Kendi babası da bu cümledendir. Mähren'den Viyana'ya göçen bu taşra Yahudisi, kısa sürede Viyana'nın kültürel hayatına ayak uydurmuş dini kalıplardan çıkmış, çağın dini olan ilerlemeye iman etmiştir.

Gözünüzün önüne Avusturyalı bir Nöri Gantar getirebilirsiniz.

Feleğin cilvesi, bu bir doğululuk kaderi midir acaba bilmem, ülkemizde İslamofobi'yi sınıfsal bir yerden üretenler, benzer bir motivasyona sahiptir. Ben artık o geldiğim yerdeki adamlardan değilim demenin bir türü.

Arkadaşım Safa anlatmıştı, Viyana'da Almanca kursunda pek çok Türk öğrencinin de bulunduğu sınıfta kendisini tanıtırken "Ben de Türkiyeliyim ama İstanbullu tüm; sakın beni Yozgatlılarla karıştırmayın" diyen bir çocukcağız varmış.

Kompleksi ile yaşasın ve Yozgat'a kurban olsun. Bu, sıradan ve sürüden görülmeme isteğinden bir başka şeydir. Yozgatlılar Anadolu çomarı; bunlar sebebini kimsenin bilmediği bir elit kokuyla doğmuşlar ya "Sakın ortamdaki kimyon kokusunu benden bilmeyin" diyor kendince.

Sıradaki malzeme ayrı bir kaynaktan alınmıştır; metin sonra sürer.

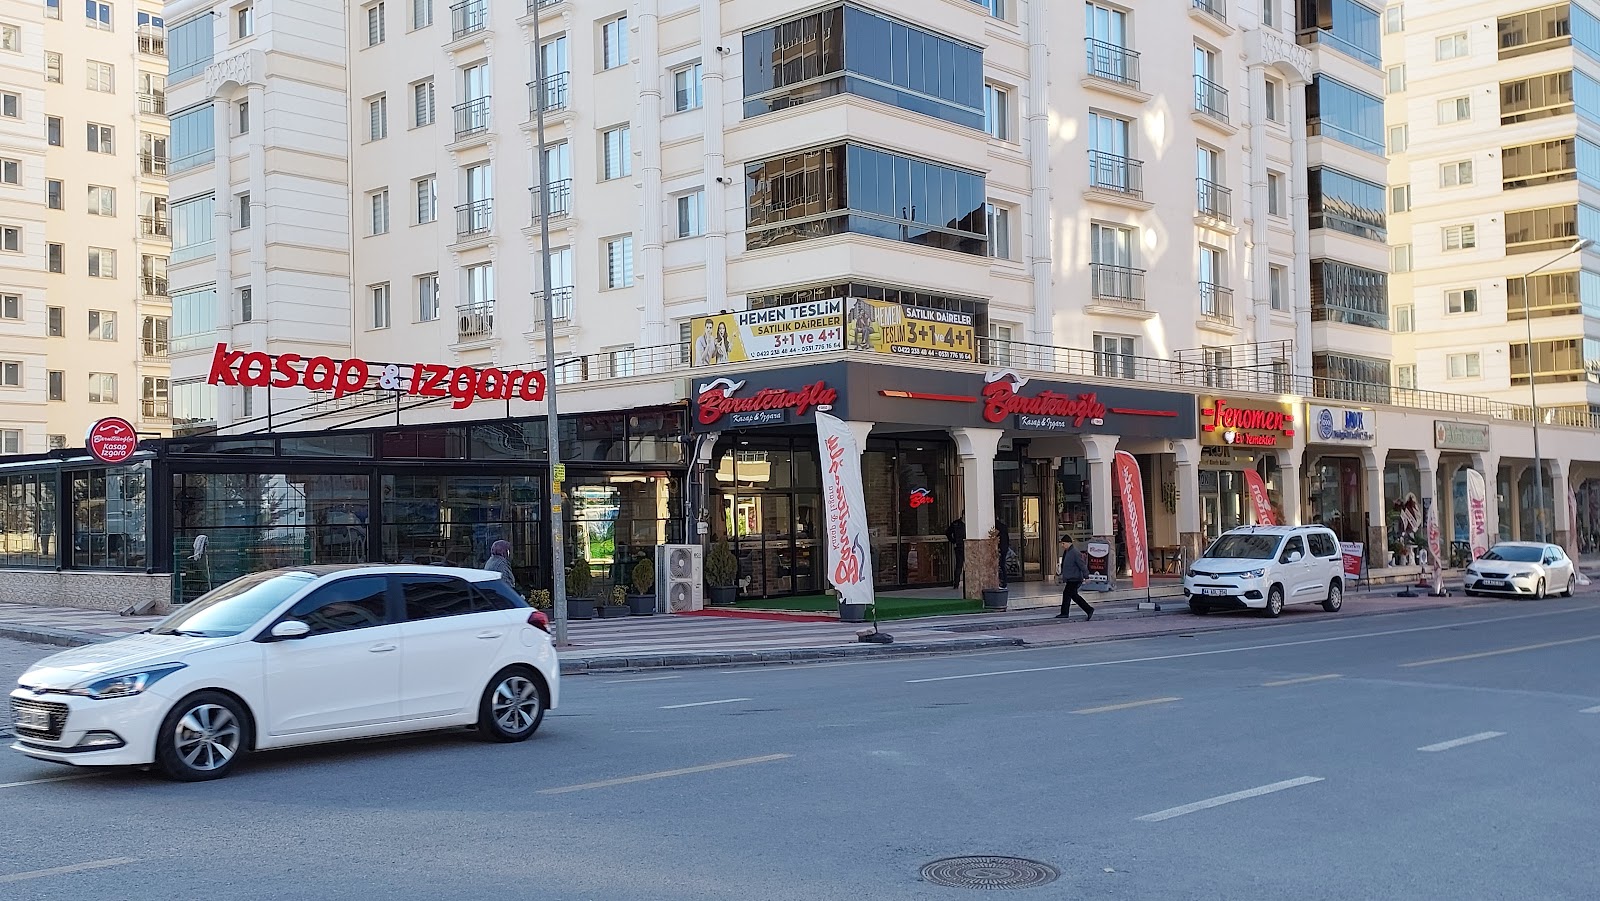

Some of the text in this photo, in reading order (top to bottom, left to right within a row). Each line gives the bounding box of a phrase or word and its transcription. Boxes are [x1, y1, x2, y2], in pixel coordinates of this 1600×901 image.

Son tahlilde hep aynı noktaya varıyoruz. İnsan hiçbir şey bilmezken de hakiki bir alimken de gerçek bir cahil değildir. İnsan biraz bir şey bilirken, yani kendisini bir şeyler bilir bilirken gerçek bir cahildir. Zira hiçbir şeyi bilmeyene ümmi, çok şeyi bilene ise alim derler. Haddini bile bilmeyecek kadar cahil ancak üç beş katalog bilgisine sahip kimseler ise gerçekten kör cahildir.

Her neyse sürüden olmamak ve sınıfsal olarak bir başka yerde olmak ayrıcalığını ekonomik olarak elde edemeyen kimselerin vehmi ayrışmasından bahsetmiştik geçen sefer. Şimdi ise Zweig'ın yardımıyla kendisine toplum tarafından çizilmiş olan kalıplardan kaçmanın aşağılık kompleksi üzerinden konuşalım.

Genetik biliminin insan üzerinde hükümferma olduğu bir alan vardır ki, o da insanın fiziki soyunu dönüştüremeyeceği gerçeğidir. Dönüştüremeyeceğiniz bu aidiyetinize düşmanlık etmek doğrusu büyük cehalettir. Ait olmak istediğiniz yerlerin bazısına ait olmanın şartı o çevreye ait bir soya çekmenizdir. Bunun mümkün olmadığı hallerde istediğiniz mahareti ortaya koyun, kabul görmeniz mümkün değildir.

İşte bu iki arada bir derede kalmışlık ve asla olmak istediği olamayış, insana ilginç bir öfke olarak geri dönebiliyor. Yani Antalya Belediye Başkanı'nın düzenlediği Oktoberfest'in ne kadar saçma bir mezbelelik olduğunu hatırlamayanımız var mı Allah aşkına? Buna a efendim ne kadar güzel olmuş ellerinize sağlık diyebilecek kadar estetik yoksunu muyuz? İlla gâvurlaşmak için bir performans ortaya koyulacaksa, bunun da kendine mahsus oluru vardır. Kabul de ederiz. Ancak bu bir başkasındanlaşma hevesinin paçozluğa dönüşmesi ve bu paçozluğun fark edilerek alay malzemesi haline getirilmesi deminde öfkelenmesi gereken yere öfkelenmeyip, dini değerlere hakaret etmeyi tercih eden bir aşağılık kompleksliler güruhu İslamofobi üretiminde oldukça velud.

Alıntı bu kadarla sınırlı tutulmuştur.